The answer to the second question is that the process will take whatever power it needs from the supply given that the motors are programmed to run at constant speed. Any attempt to save energy may well be met by the product going out of specification due to the process changes inherent in running the motors at a lower speed. The equipment is there to produce in-spec product, though, so savings in energy are trivial in comparison with the loss of sales income, and the cost of disposal or re-work of off-spec product. As the motors are driven by VFDs, which manage the use of power quite effectively, it is safer to disregard any potential energy savings in this instance until trials have been completed on pilot-scale equipment with process materials that do not form part of the income stream. So, hand the issue over to the Product Development Laboratory, and walk away.

PWSlack has provided you with the right answer, consistant with the answer in the previous thread. He is pointing out that you are incorrectly ASSuming that just because a motor is slightly over sized that it is therefore wasting energy. It is not, the energy consumed in accomplishing the task is determined by the task, not the size of the tool. Does a large hammer "waste energy" when driving a small nail? Not really, it just depends on whether or not the hammer hits it with only the force that it takes. In an AC motor, that is already inherent in the system, it only consumes what it needs to consume.

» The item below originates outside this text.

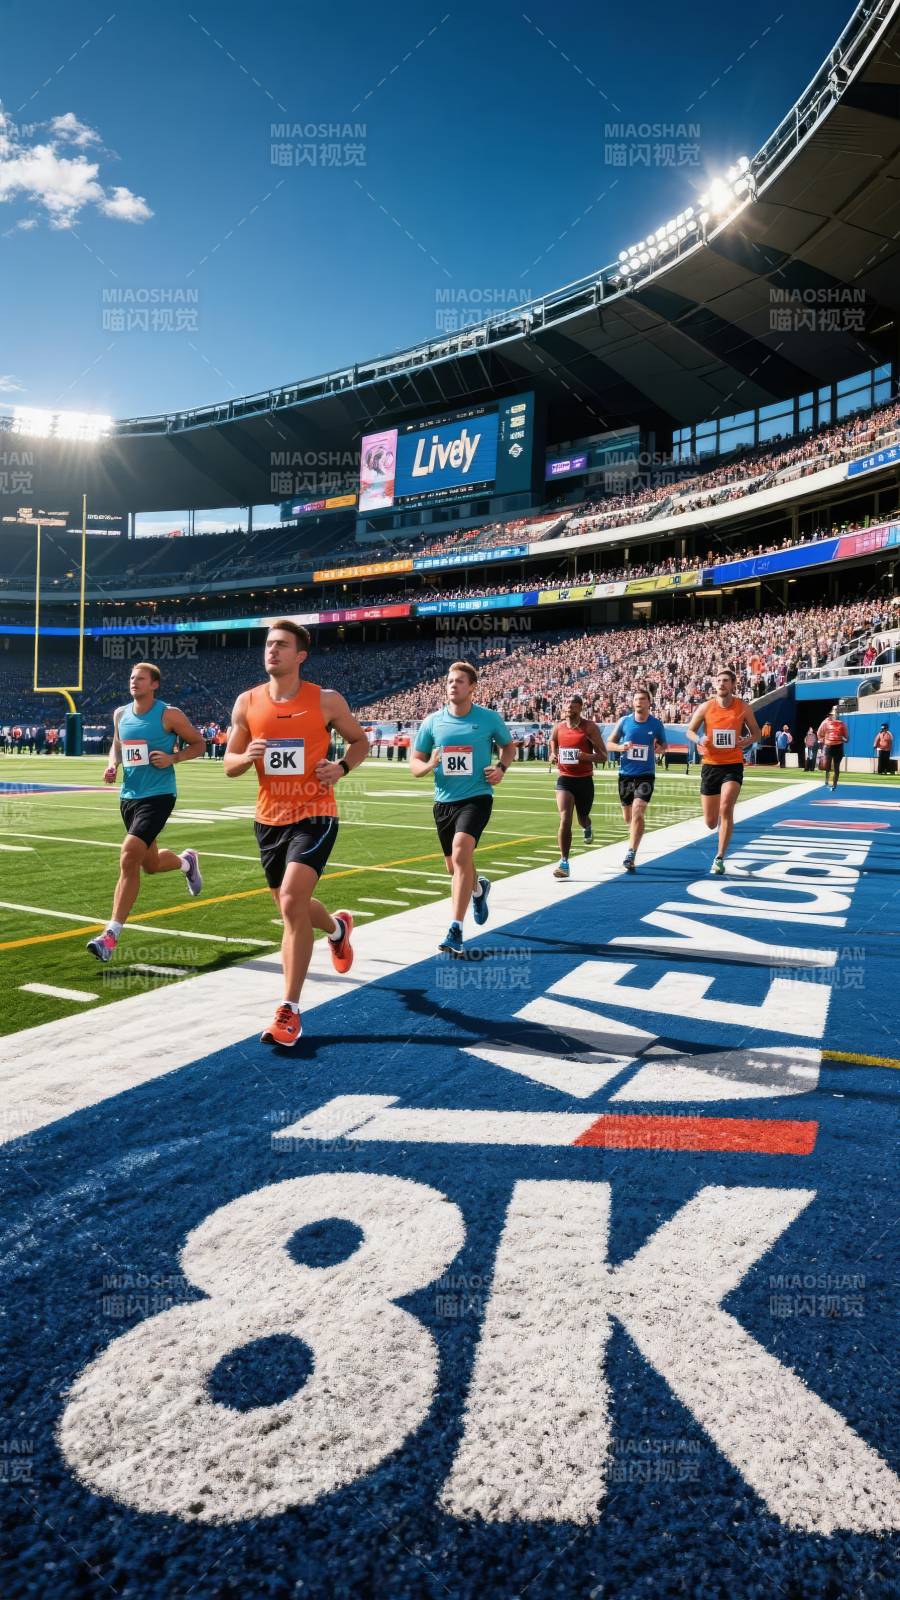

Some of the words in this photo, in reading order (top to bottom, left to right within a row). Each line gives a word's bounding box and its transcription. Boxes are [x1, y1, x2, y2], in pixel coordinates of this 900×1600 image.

The only caveat is waste energy, the enegy it takes to make a motor into a motor instread of an iron boat anchor. There is a SLIGHT amount of added magnetizing energy consumed in making that 45kW motor work compared to a 37kW motor. But the first moment that you over load that 37kW motor, ALL savings achieved by under sizing it may go right out the window. And using a 1.25SF motor? Same thing. The motor may be CAPABLE of 1.25SF, but if you read the fine print, the efficiency values go right out the window at anything above 1.0 SF anyway, so the idea of trying this to save energy is absolutely pointless compared with just using a larger more energy efficient motor.

As to the VFD. I mildly disagree with PWSlack on this issue, only in that if the load REQUIRES a fixed speed, a VFD adds it's own level of inefficiencies and that might be unnecessary. If the process can be accomplished at a speed naturally attained by the motor, then the VFD adds NOTHING to the equation, it only lowers the throughput efficiency by the losses in the VFD itself, usually 3% or so. If however you have to adjust speed with a belt drive or gear box, there are efficiency losses in those as well. So bottom line, you cannot make any universal assumption about a VFD running a FIXED SPEED load more efficiently or not, it all depends. Where PWSlack's statement makes absolute sense if it the process MUST vary the speed, because a VFD is ALWAYS more efficient than any other methood of variance.

Now as to YOUR application of a VFD supposedly providing constant torque. Your question in the other thread; "What is the VFD doing here?" (sic), was actually very valid. A VFD, DTC or not, runs in EITHER velocity mode or torque mode. If you command the VFD to maintain torque, it will on occasion sacrifice velocity to do so. If you command it to maintain a specific speed, it will provide whatever torque possible to do so. The concepts are essentially mutually exclusive. The only advantage you have in using the VFD in DTC or (Sensorless Vector Control if it were anything but an ABB drive), is that the VFD vector algorithm can BOOST torque temporarily in the motor while maintaining speed accurately. But if you need a CONSISTANTLY higher level of torque than the motor is designed for, the VFD will likely protect it from overload by tripping if you continuously attempt to get more from it than it is rated for. So this brings you full circle back to where you started. 45kW or 37kW? I would have stuck with the 45kW.